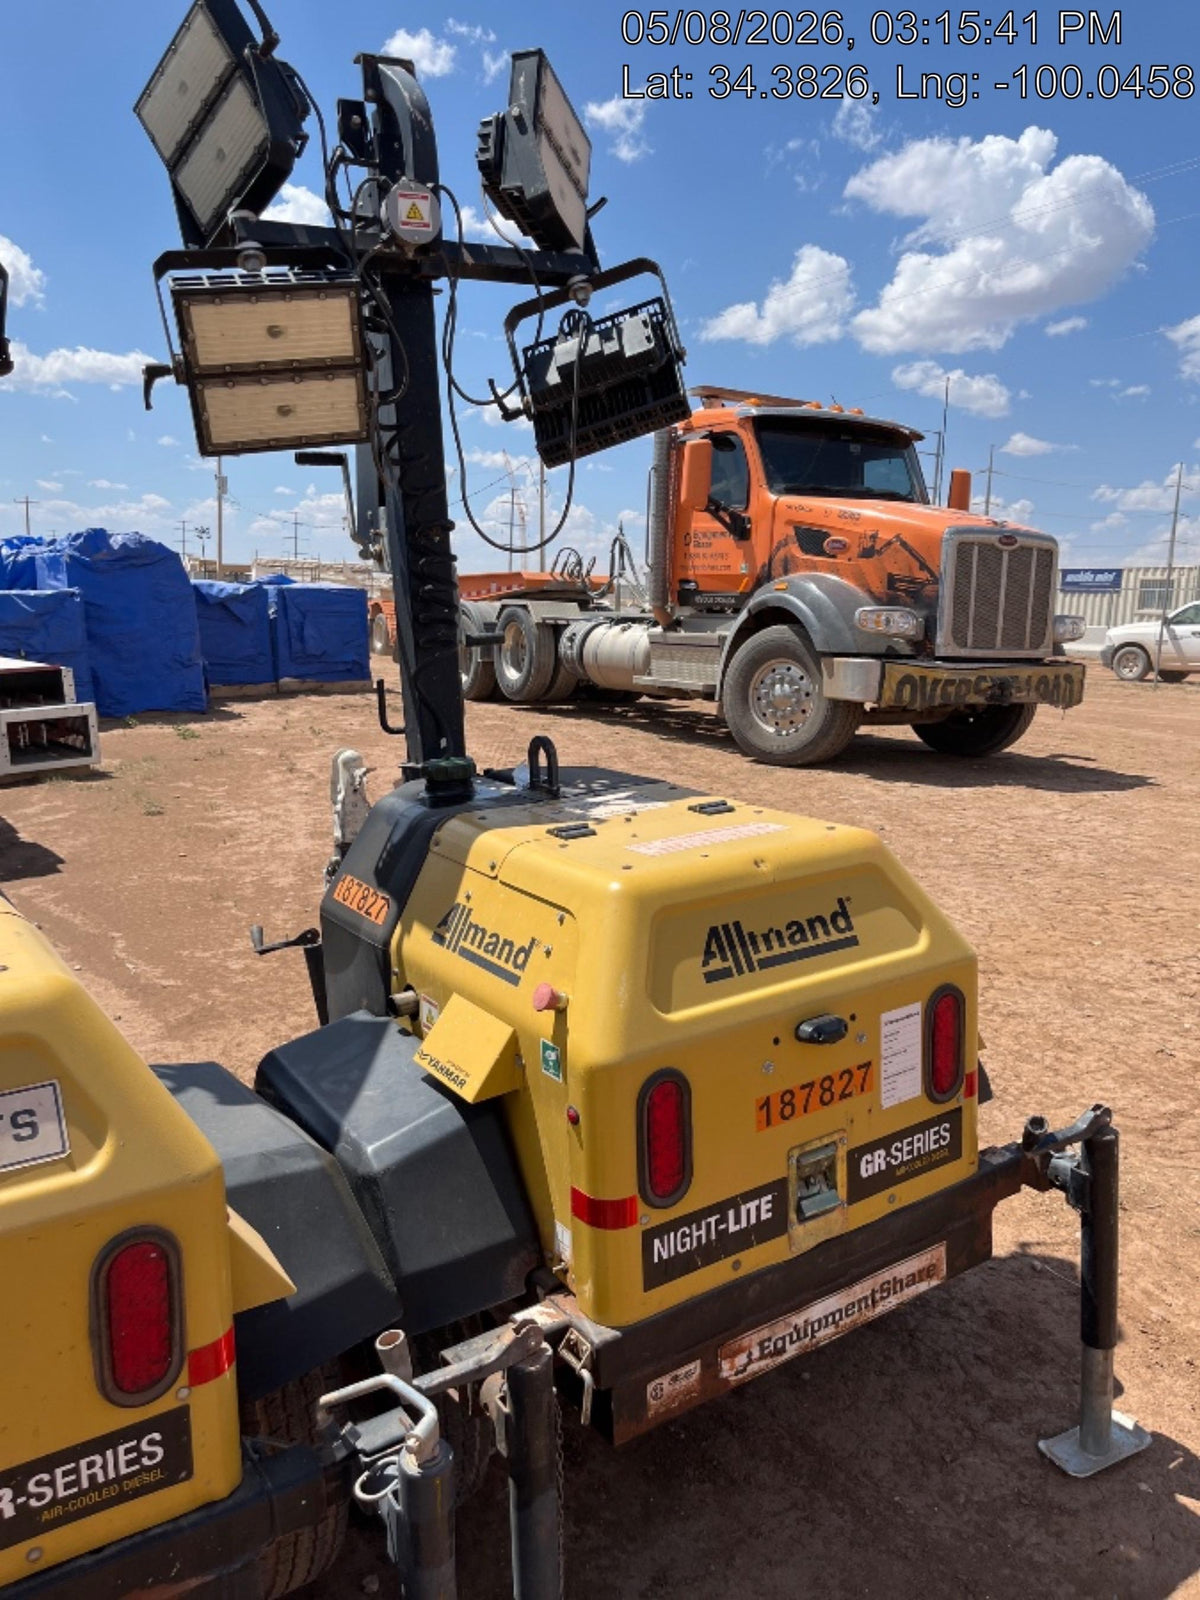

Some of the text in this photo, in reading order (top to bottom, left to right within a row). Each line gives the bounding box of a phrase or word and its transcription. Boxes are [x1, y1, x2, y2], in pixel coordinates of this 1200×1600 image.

[336, 874, 391, 922] 187827
[432, 902, 537, 974] Allmand
[702, 897, 855, 976] Allmand
[427, 1056, 467, 1090] YANMAR
[758, 1060, 873, 1128] 187827
[859, 1123, 951, 1179] GR-SERIES
[653, 1194, 773, 1264] NIGHT-LITE
[757, 1260, 938, 1361] EquipmentShare
[41, 1468, 165, 1523] AIR-COOLED DIESEL
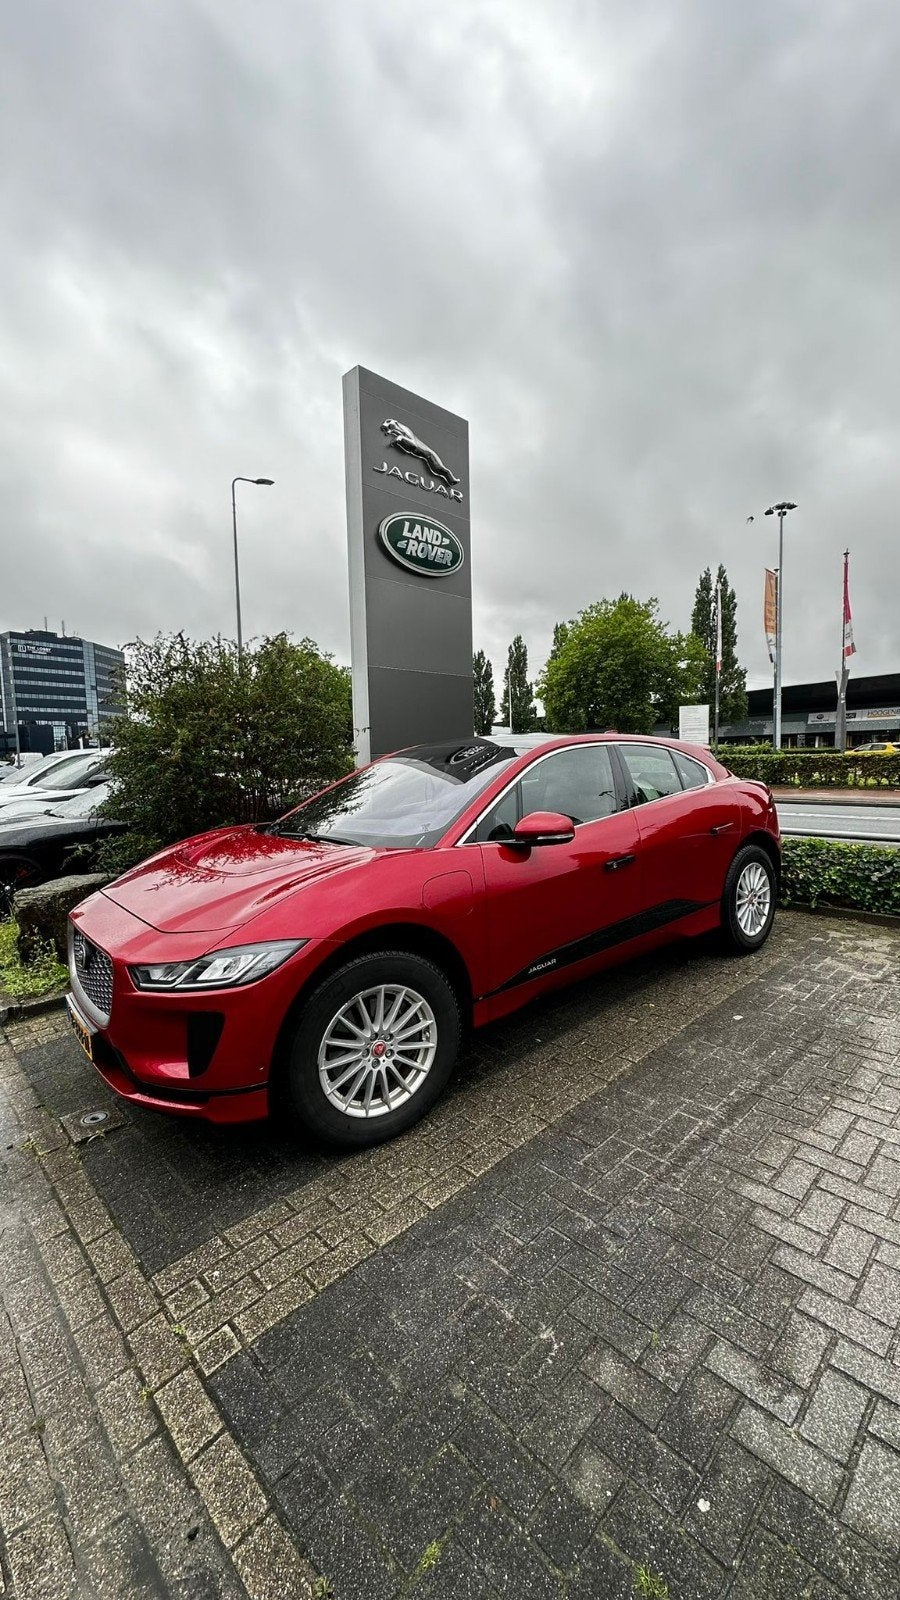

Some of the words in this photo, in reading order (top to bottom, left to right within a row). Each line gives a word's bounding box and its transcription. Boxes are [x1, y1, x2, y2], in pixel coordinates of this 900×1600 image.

[373, 462, 463, 503] JAGUAR
[402, 521, 443, 546] LAND
[405, 540, 453, 566] ROVER
[528, 958, 557, 974] JAGUAR
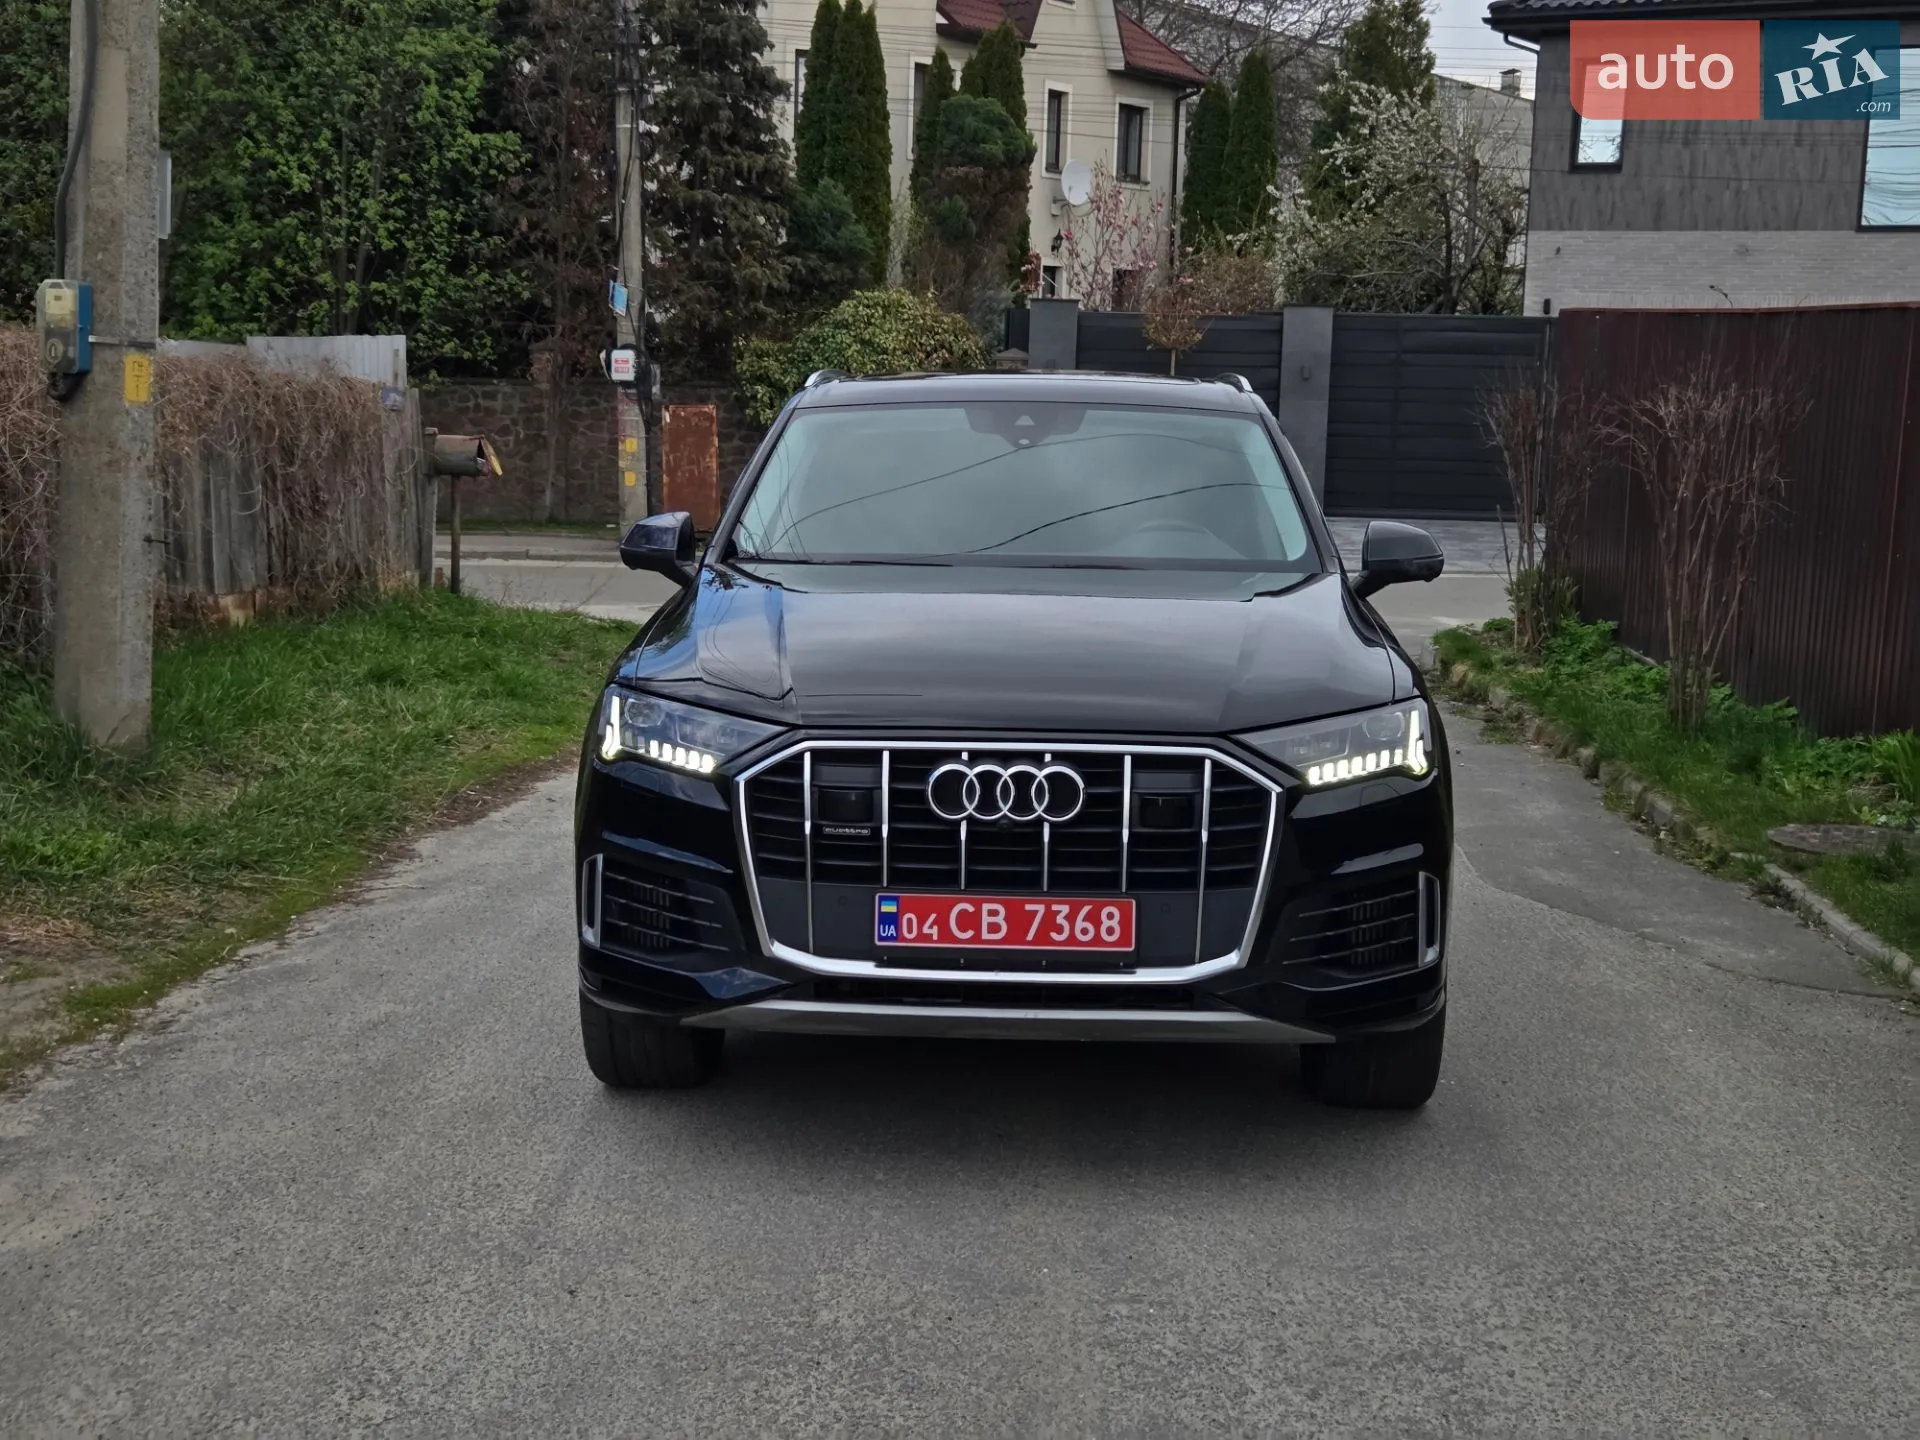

What to produce -> Output the line that contains "Some of the words" and every subsequent line through the end of the entries, exactly as given, without pictures.

Solution to this exercise ->
Some of the words in this photo, in reading order (top to bottom, left to right within a row). Each line gives a word's bounding box and its transcription. Boxes are [x1, y1, x2, y2], in pixel coordinates of this 900×1600 image.

[373, 462, 463, 503] JAGUAR
[402, 521, 443, 546] LAND
[405, 540, 453, 566] ROVER
[528, 958, 557, 974] JAGUAR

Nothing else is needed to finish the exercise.